_Records shown_.
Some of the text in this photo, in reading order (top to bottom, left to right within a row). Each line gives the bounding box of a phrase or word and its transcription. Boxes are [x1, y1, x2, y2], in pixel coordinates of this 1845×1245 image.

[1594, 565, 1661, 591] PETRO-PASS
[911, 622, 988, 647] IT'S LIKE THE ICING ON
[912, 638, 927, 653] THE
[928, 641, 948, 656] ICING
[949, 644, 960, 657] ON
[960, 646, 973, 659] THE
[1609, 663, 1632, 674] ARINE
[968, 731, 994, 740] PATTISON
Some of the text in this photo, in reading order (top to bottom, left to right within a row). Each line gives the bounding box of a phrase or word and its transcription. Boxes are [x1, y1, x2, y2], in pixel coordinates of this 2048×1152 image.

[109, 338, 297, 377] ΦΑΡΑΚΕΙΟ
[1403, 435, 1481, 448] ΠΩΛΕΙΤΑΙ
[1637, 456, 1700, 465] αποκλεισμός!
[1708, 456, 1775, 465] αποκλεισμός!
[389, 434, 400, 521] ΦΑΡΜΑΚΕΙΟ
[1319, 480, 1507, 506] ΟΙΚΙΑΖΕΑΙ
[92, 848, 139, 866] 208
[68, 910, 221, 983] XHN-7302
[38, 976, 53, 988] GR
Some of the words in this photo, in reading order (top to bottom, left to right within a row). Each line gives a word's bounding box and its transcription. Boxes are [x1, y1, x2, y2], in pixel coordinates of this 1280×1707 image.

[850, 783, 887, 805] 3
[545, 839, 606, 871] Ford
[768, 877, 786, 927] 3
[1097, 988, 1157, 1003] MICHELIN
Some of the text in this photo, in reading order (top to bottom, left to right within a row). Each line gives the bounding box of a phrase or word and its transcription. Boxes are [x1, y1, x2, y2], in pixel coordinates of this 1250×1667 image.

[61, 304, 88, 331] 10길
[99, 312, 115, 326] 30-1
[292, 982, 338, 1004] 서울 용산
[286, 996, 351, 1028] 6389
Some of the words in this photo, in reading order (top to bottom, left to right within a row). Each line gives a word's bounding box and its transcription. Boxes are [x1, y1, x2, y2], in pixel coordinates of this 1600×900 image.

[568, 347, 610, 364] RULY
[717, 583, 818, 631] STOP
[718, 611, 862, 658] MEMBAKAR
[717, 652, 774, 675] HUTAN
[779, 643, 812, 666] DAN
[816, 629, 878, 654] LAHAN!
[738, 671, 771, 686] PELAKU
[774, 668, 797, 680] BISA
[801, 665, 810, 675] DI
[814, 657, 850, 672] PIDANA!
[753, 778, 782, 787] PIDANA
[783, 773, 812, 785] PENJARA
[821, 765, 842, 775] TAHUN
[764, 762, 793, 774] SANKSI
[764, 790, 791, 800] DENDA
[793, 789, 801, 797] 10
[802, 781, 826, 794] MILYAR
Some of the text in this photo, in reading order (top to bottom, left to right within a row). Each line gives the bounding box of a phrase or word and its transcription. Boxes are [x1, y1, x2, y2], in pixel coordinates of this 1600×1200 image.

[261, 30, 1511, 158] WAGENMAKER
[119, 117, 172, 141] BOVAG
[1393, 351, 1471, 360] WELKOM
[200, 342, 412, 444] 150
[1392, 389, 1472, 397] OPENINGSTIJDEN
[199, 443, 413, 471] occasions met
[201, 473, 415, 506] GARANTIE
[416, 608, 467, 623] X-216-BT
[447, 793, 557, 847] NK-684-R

_Required work_. Your task is to restate the material above word for word.

_Response box_.
Some of the text in this photo, in reading order (top to bottom, left to right within a row). Each line gives the bounding box of a phrase or word and its transcription. Boxes are [x1, y1, x2, y2], in pixel coordinates of this 1845×1245 image.

[1594, 565, 1661, 591] PETRO-PASS
[911, 622, 988, 647] IT'S LIKE THE ICING ON
[912, 638, 927, 653] THE
[928, 641, 948, 656] ICING
[949, 644, 960, 657] ON
[960, 646, 973, 659] THE
[1609, 663, 1632, 674] ARINE
[968, 731, 994, 740] PATTISON
Some of the text in this photo, in reading order (top to bottom, left to right within a row). Each line gives the bounding box of a phrase or word and its transcription. Boxes are [x1, y1, x2, y2], in pixel coordinates of this 2048×1152 image.

[109, 338, 297, 377] ΦΑΡΑΚΕΙΟ
[1403, 435, 1481, 448] ΠΩΛΕΙΤΑΙ
[1637, 456, 1700, 465] αποκλεισμός!
[1708, 456, 1775, 465] αποκλεισμός!
[389, 434, 400, 521] ΦΑΡΜΑΚΕΙΟ
[1319, 480, 1507, 506] ΟΙΚΙΑΖΕΑΙ
[92, 848, 139, 866] 208
[68, 910, 221, 983] XHN-7302
[38, 976, 53, 988] GR
Some of the words in this photo, in reading order (top to bottom, left to right within a row). Each line gives a word's bounding box and its transcription. Boxes are [x1, y1, x2, y2], in pixel coordinates of this 1280×1707 image.

[850, 783, 887, 805] 3
[545, 839, 606, 871] Ford
[768, 877, 786, 927] 3
[1097, 988, 1157, 1003] MICHELIN
Some of the text in this photo, in reading order (top to bottom, left to right within a row). Each line gives the bounding box of a phrase or word and its transcription. Boxes are [x1, y1, x2, y2], in pixel coordinates of this 1250×1667 image.

[61, 304, 88, 331] 10길
[99, 312, 115, 326] 30-1
[292, 982, 338, 1004] 서울 용산
[286, 996, 351, 1028] 6389
Some of the words in this photo, in reading order (top to bottom, left to right within a row). Each line gives a word's bounding box and its transcription. Boxes are [x1, y1, x2, y2], in pixel coordinates of this 1600×900 image.

[568, 347, 610, 364] RULY
[717, 583, 818, 631] STOP
[718, 611, 862, 658] MEMBAKAR
[717, 652, 774, 675] HUTAN
[779, 643, 812, 666] DAN
[816, 629, 878, 654] LAHAN!
[738, 671, 771, 686] PELAKU
[774, 668, 797, 680] BISA
[801, 665, 810, 675] DI
[814, 657, 850, 672] PIDANA!
[753, 778, 782, 787] PIDANA
[783, 773, 812, 785] PENJARA
[821, 765, 842, 775] TAHUN
[764, 762, 793, 774] SANKSI
[764, 790, 791, 800] DENDA
[793, 789, 801, 797] 10
[802, 781, 826, 794] MILYAR
Some of the text in this photo, in reading order (top to bottom, left to right within a row). Each line gives the bounding box of a phrase or word and its transcription. Boxes are [x1, y1, x2, y2], in pixel coordinates of this 1600×1200 image.

[261, 30, 1511, 158] WAGENMAKER
[119, 117, 172, 141] BOVAG
[1393, 351, 1471, 360] WELKOM
[200, 342, 412, 444] 150
[1392, 389, 1472, 397] OPENINGSTIJDEN
[199, 443, 413, 471] occasions met
[201, 473, 415, 506] GARANTIE
[416, 608, 467, 623] X-216-BT
[447, 793, 557, 847] NK-684-R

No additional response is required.